The climbers started wearing sensors upon arriving in Nepal and have been on Everest since mid-April. Thanks to high altitude and harsh conditions, climbers have shortness of breath, increased pulse rates and oxygen-deprived blood, the same symptoms of an average sea-level Joe or Jane with cardiac problems.
“Rather than just climbing the mountain for the sake of climbing, we get to learn about human physiology,” said mountaineer and expedition leader Conrad Anker during a phone call from base camp. “It just makes it more meaningful from a personal standpoint.”
Data-collecting tools include off-the-shelf sensors normally used by obsessive fitness trackers and a new heart monitor from the Mayo clinic. Regular heart monitors collect data 75 to 100 times per second, but the new iPod-sized electrocardiogram machine samples at four times that rate.

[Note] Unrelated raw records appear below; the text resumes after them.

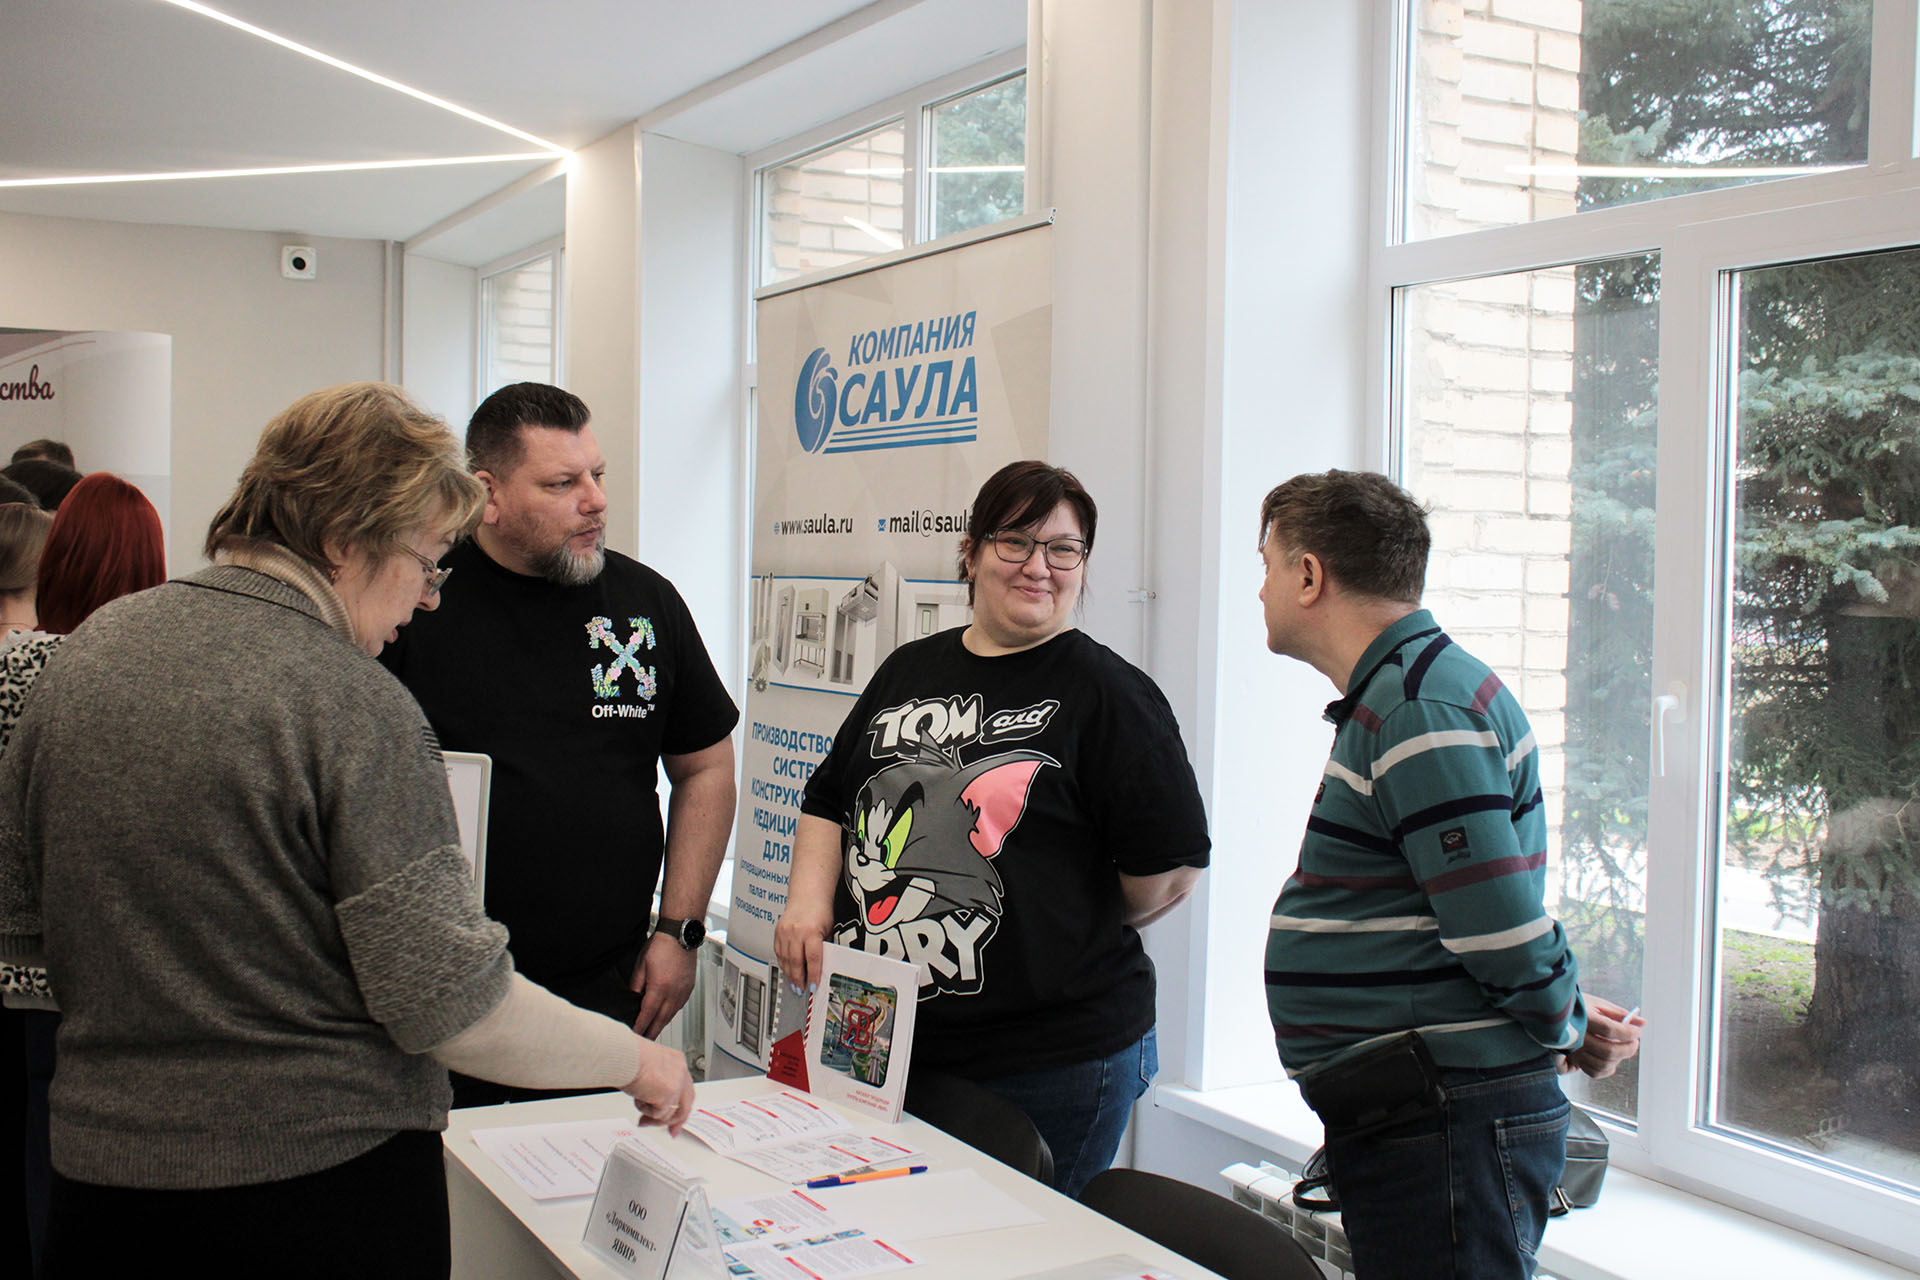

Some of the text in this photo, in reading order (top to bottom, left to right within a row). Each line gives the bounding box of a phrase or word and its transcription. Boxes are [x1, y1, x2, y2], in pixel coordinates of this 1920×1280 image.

[848, 311, 976, 367] КОМПАНИЯ
[0, 364, 55, 400] ства
[839, 356, 977, 427] САУЛА
[781, 510, 971, 537] www.saula.ru mail@saul
[875, 699, 1054, 748] TOM and
[752, 722, 833, 755] ПРОИЗВОДСТВО
[773, 756, 818, 780] СИСТЕ
[753, 806, 797, 837] МЕДИЦИ
[763, 839, 790, 864] ДЛЯ
[740, 858, 789, 886] операционных
[749, 883, 787, 904] палат инте
[628, 1199, 648, 1221] ООО

That high-resolution data on heart rate regularity is especially useful for studying heart disease, said Amine Issa, a biomedical engineer on the expedition.
The Mayo Clinic team, which is led by physiologist Bruce Johnson, also brought an ultrasound machine to study fluid buildup in the climbers’ lungs. A condition called high-altitude pulmonary edema can turn into deadly altitude sickness, an affliction similar to fluid in the lungs of cardiac patients.

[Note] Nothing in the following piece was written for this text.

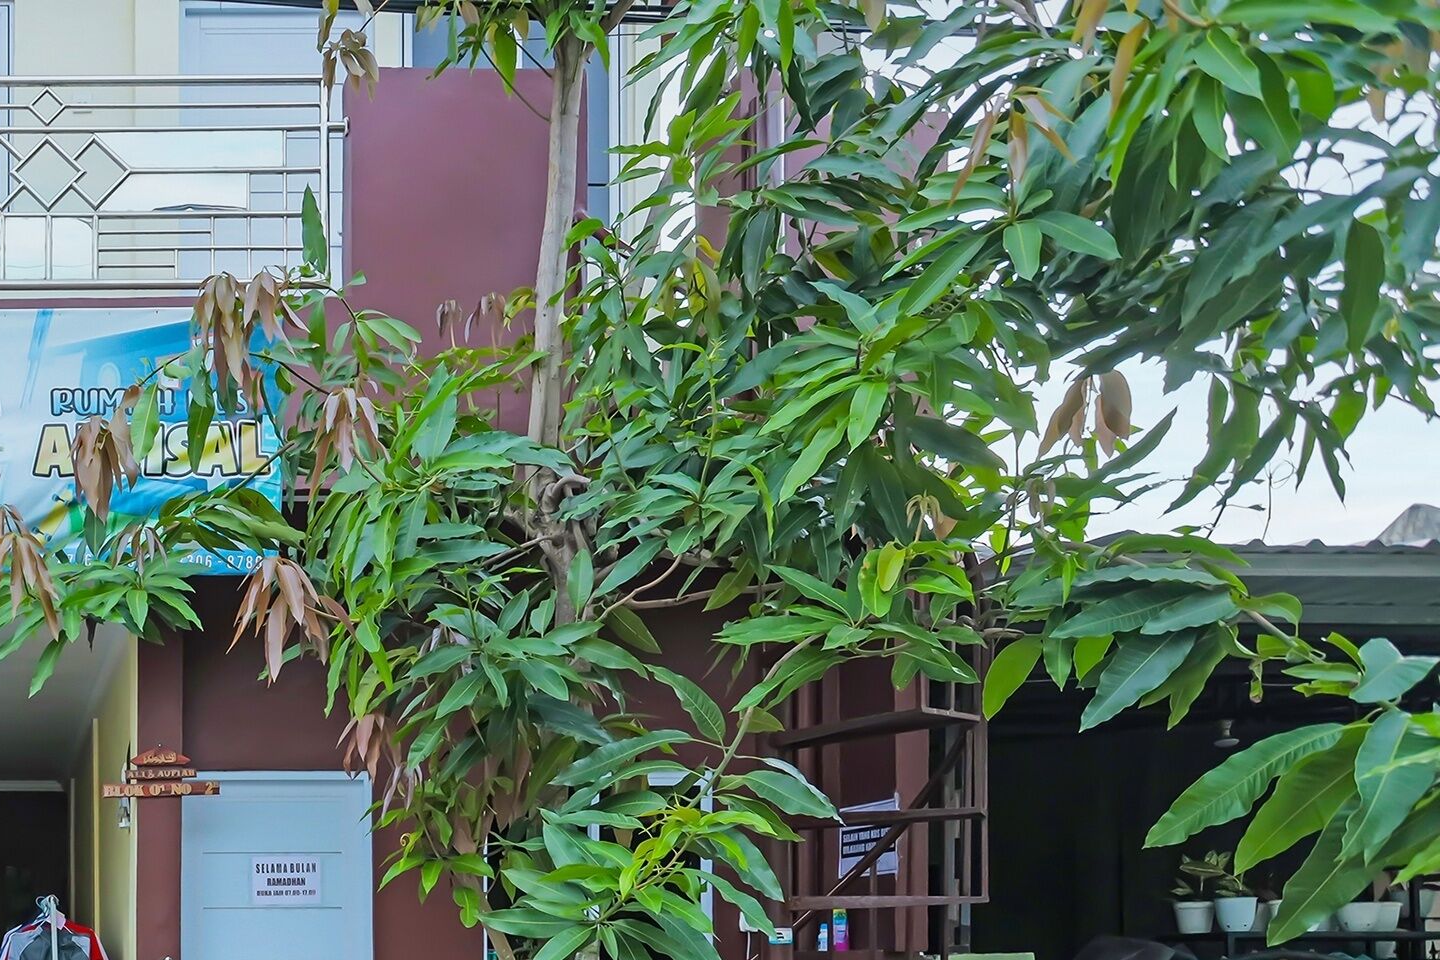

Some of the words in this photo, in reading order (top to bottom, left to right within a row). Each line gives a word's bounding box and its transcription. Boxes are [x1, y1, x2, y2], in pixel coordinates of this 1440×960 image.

[103, 784, 144, 797] BLOK
[171, 783, 192, 795] NO
[289, 862, 317, 873] BULAN
[266, 877, 306, 887] RAMADHAN

When data analysis begins, the researchers will look for relationships between heart rates and fluid buildup.
They also collected urine samples to measure metabolic rates and used simple videogames to measure how altitude affects thinking.
“There are a lot of things we can learn about adaptation to extreme physiology that might well provide some insight into how we treat patients,” said Euan Ashley, a Stanford University physiologist not involved in study.
The climbers are now preparing to enter Everest’s “death zone,” the region above 26,000 feet where most humans require supplemental oxygen to climb and no one can survive for extended periods without it.
The Mayo team hopes people at risk of cardiac events will eventually wear their sensors, which might predict impending heart failure before it turns deadly. As for the climbers, they get free checkups and a sense of satisfaction.